In just a few weeks the garlic will be dried out so we can give it out to our members. Until then, the scent of garlic will remain in the barn. Hopefully, it won’t remain quite as long on me.

Thursday, July 16, 2009

Baby Bird


We found this little one outside the barn, sitting in the path of the pick up truck, and moved him to safety in the brush. My first thought was that he came from the speckled eggs in the sweet potatoes. I ran out to check the nest, but there were still just eggs and that black and white mama bird that flaps her wings at me to go away. I hope somewhere near by this bird has a mother just like her.

Wednesday, July 15, 2009

Perfectly Okay

Sometimes I like to think of the farm as my idea of perfection. I walk down the gravel path to the barn and think that right where I am is the place I’m meant to be, with chickens mulling through the grass and the lazy summer sun lingering westward in the sky. I wonder if anything could be more perfect than mid-July, eggplants and peppers and cherry tomatoes.
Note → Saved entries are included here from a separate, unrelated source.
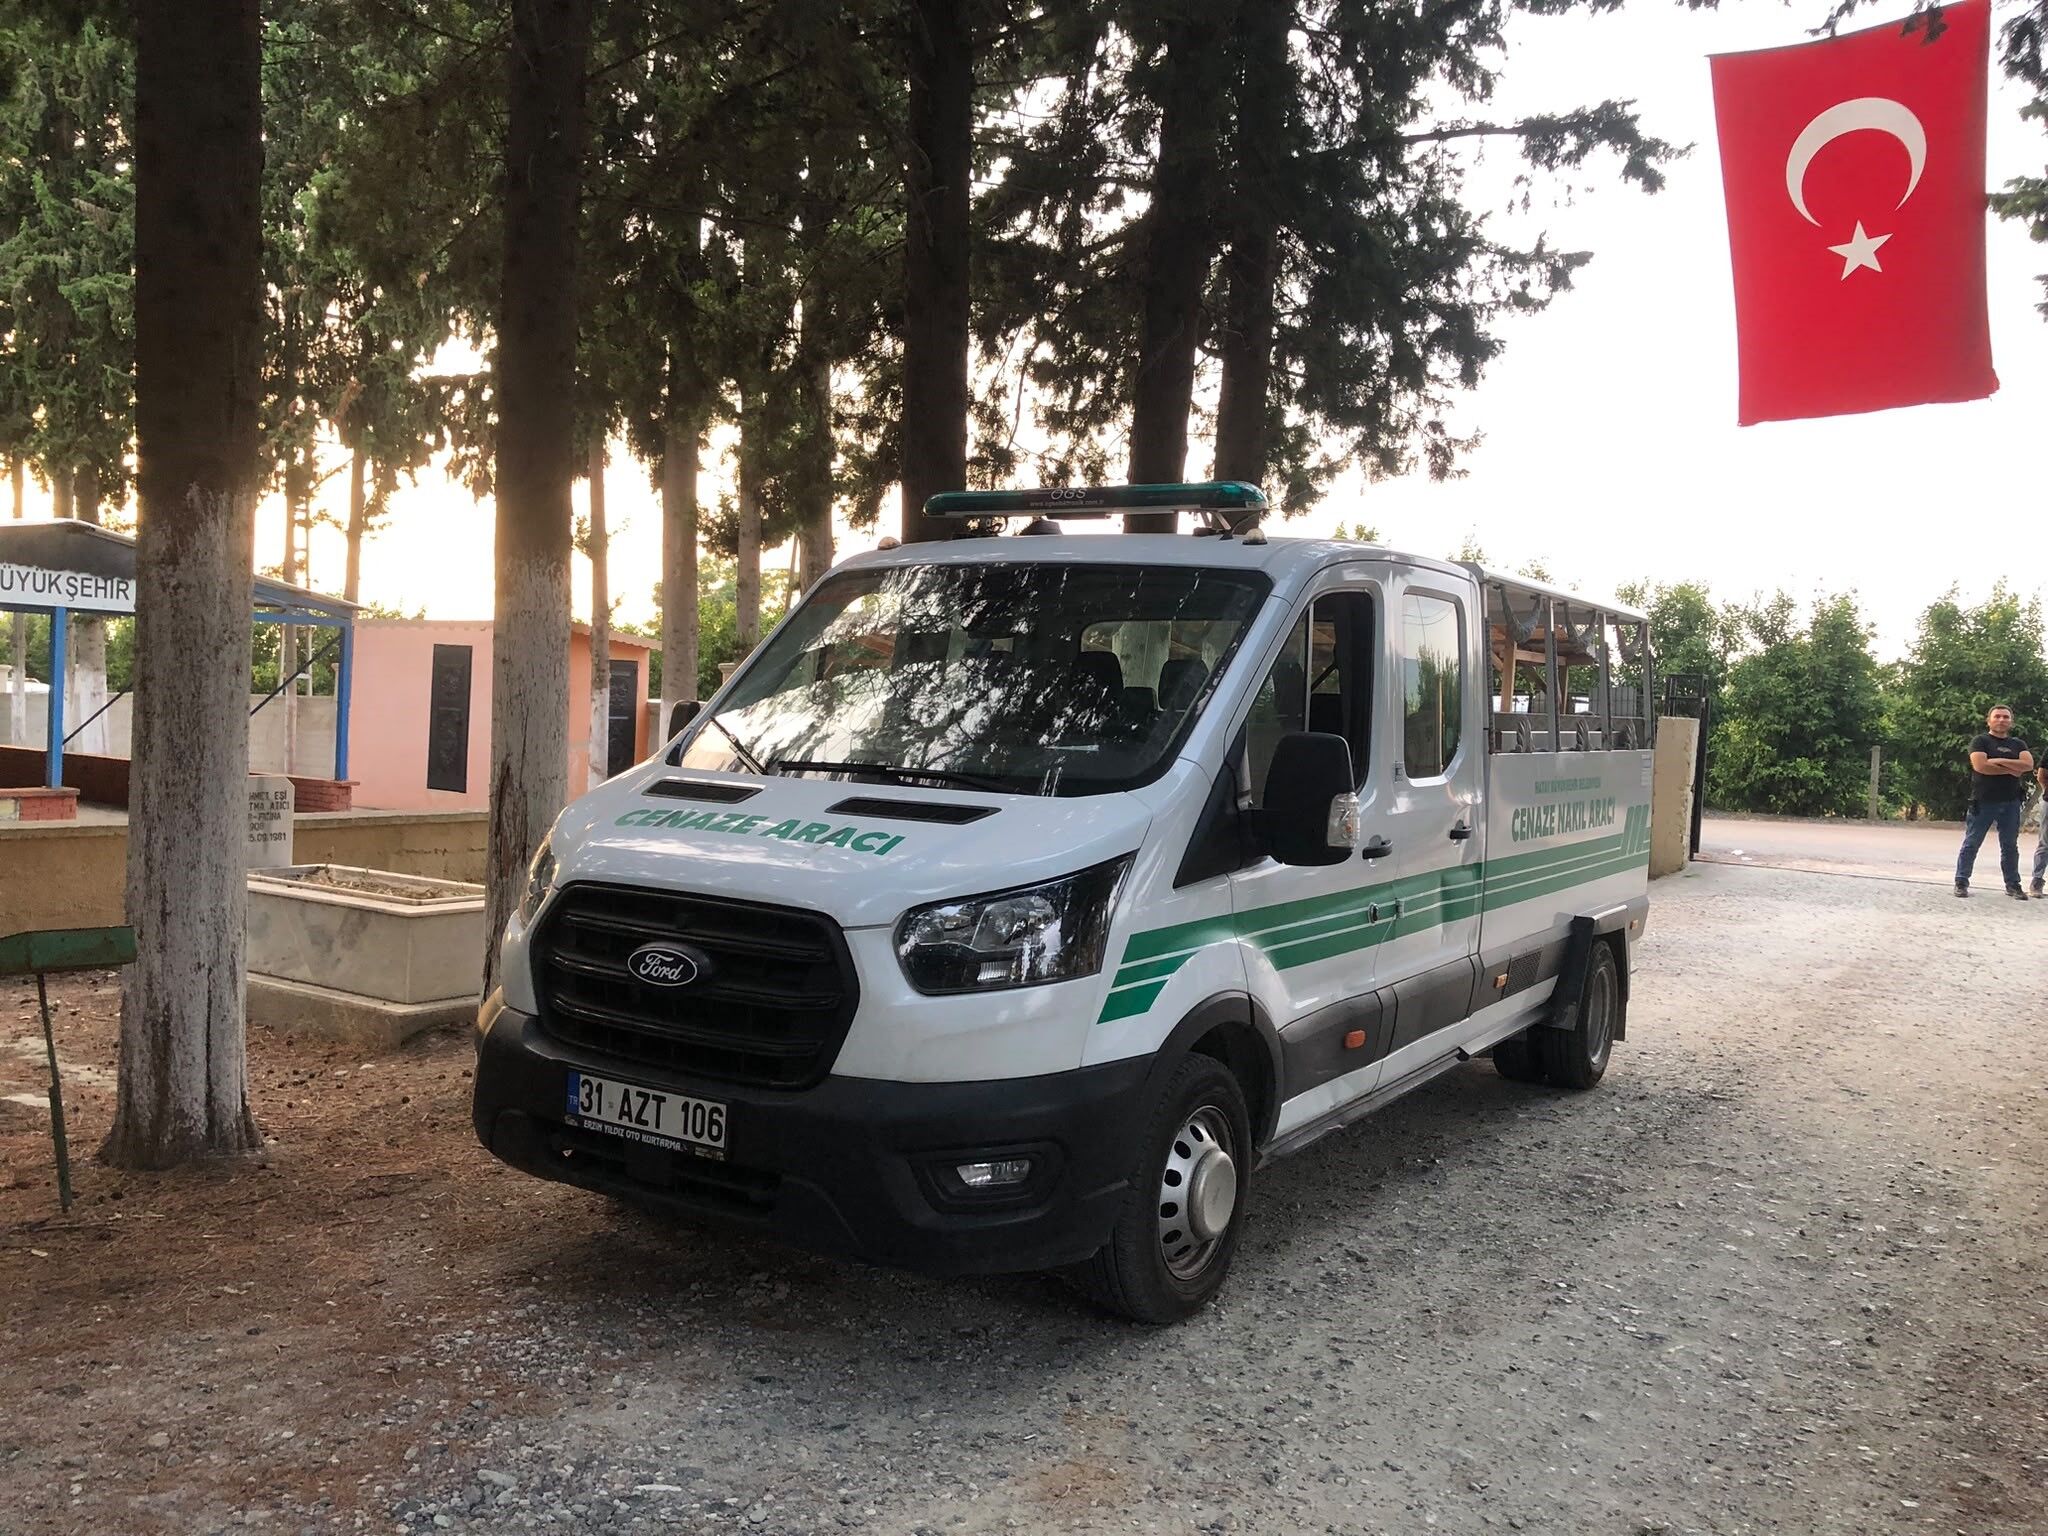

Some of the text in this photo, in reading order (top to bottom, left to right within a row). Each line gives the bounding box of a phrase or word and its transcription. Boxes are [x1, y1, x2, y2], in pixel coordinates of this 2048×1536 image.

[613, 808, 906, 856] CENAZE ARACI
[1512, 804, 1555, 842] CENAZE
[1588, 797, 1616, 828] ARACI
[638, 952, 685, 981] Ford
[568, 1078, 724, 1143] TR 31 AZT 106
[625, 1129, 640, 1141] OTO
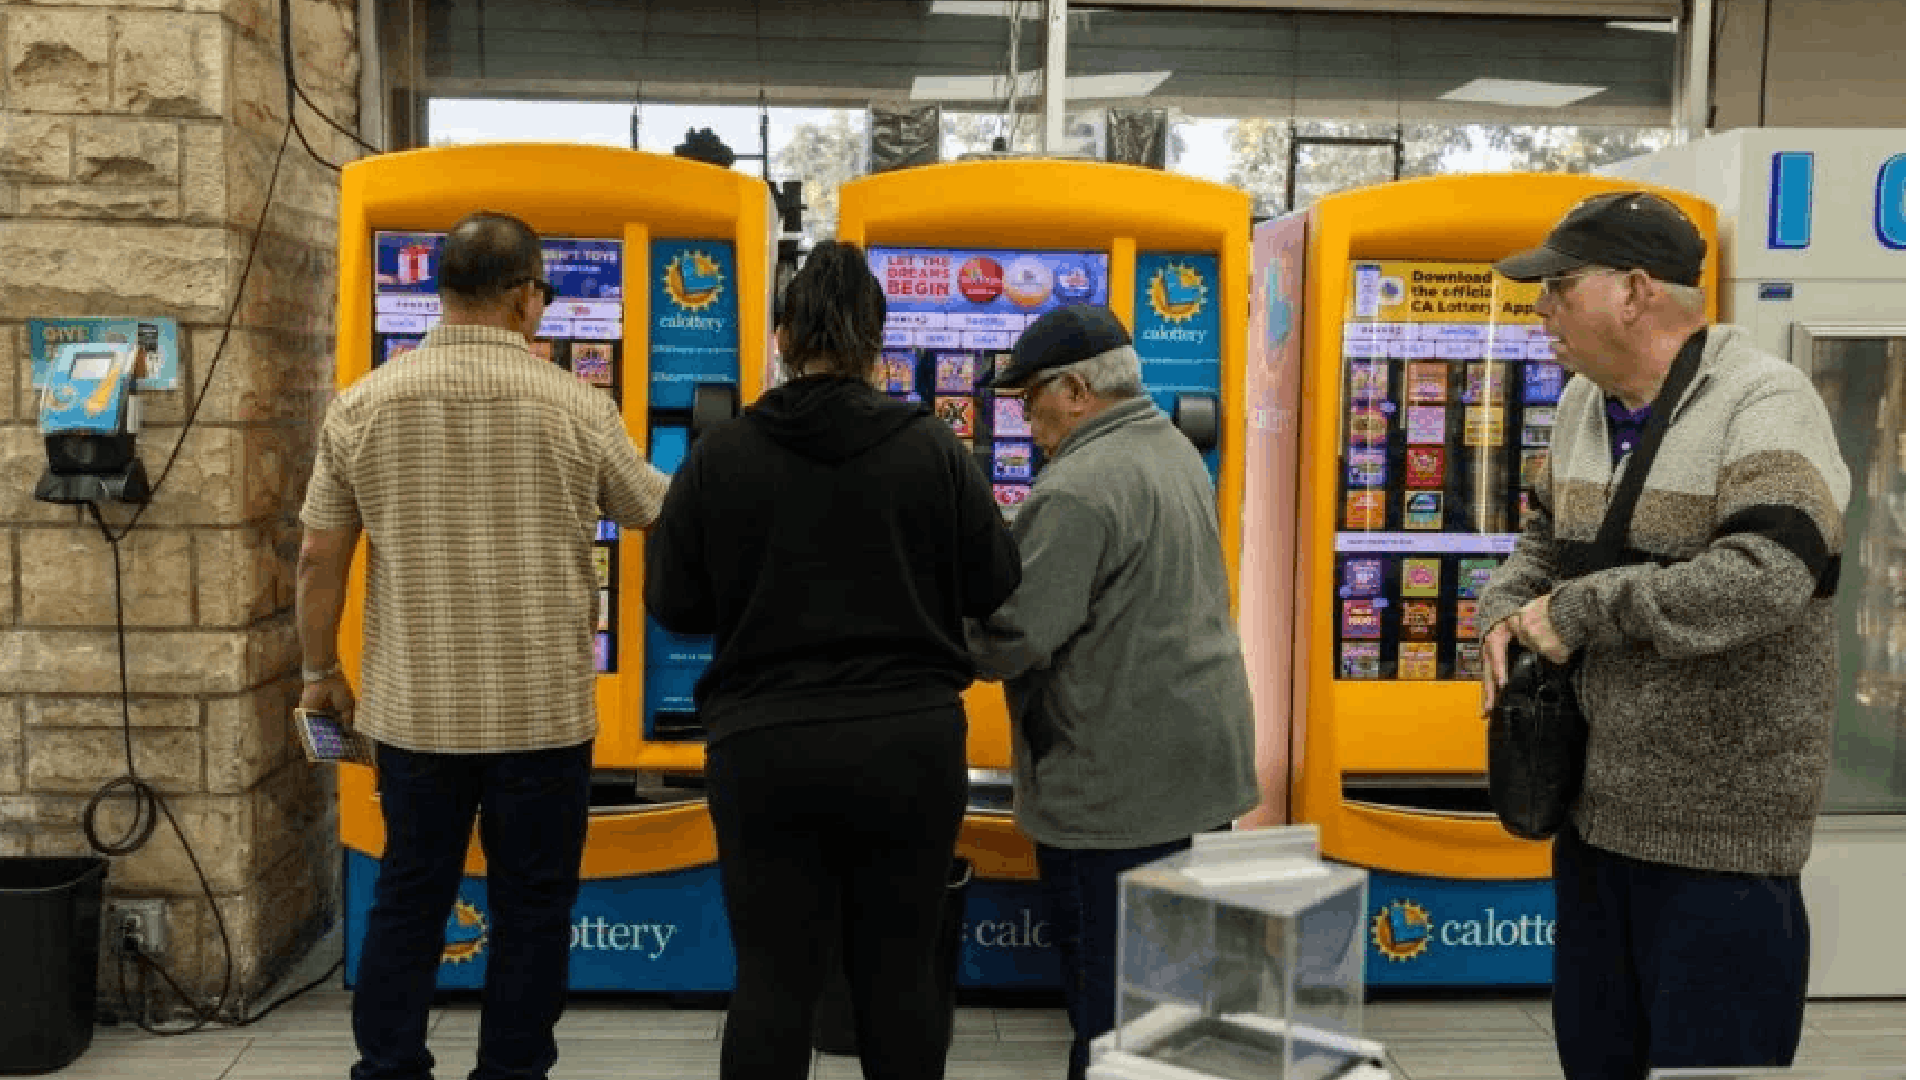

Sometimes, though, I’m hit with reminders that the farm is not all juicy strawberries and lavender breezes. Sometimes there are days like today, when I haul endless flats of beans up the hill to the compost pile, flats I spent hours seeding, just because it rained too much this season and there was no time to put them in the ground. And sometimes my skin burns and the mud won’t wash off my hands and there are so many weeds in the lettuce or the celery or the chard that it takes hours to pull them out, and the next day they seem to have sprung up again overnight.

It’s days like this that I realize the farm is not some kind of heaven on earth, that the sun doesn’t shine brighter here than other places, that the chickens don’t lay golden eggs and that the people here are still just people. I guess if perfection was something we strived for, we’d be working towards some unattainable goal. On days like today, the farm to me seems more like the leftover vegetables that nobody wants. They’re placed in a basket in the corner, underneath a painted sign- “Farm seconds: small, bruised, or blemished, but still perfectly okay.”

Tuesday, July 14, 2009

Confession

I killed a praying mantis.

It was an accident. I was throwing a stray cucumber across the field to one of the other interns, but my throw was way off. When the intern picked up the cucumber, there was the praying mantis, an endangered species, squashed underneath. I think this makes me some kind of criminal.

Saturday, July 11, 2009

Urban Agriculture

In the city of Philadelphia, surrounded by asphalt roads and high-rise apartment buildings, is a small square where the sidewalk stops and leads to something unexpected- a farm. I’ve heard the term urban agriculture before, but I’ve never fully grasped the concept until today. Thanks to a group called SAITA (Sustainable Agriculture Internship Training Alliance), I was able to attend a seminar for farming interns at Greensgrow Farm in Philadelphia. This farm operates both a green market and CSA, which in this case stands for City Supported Agriculture.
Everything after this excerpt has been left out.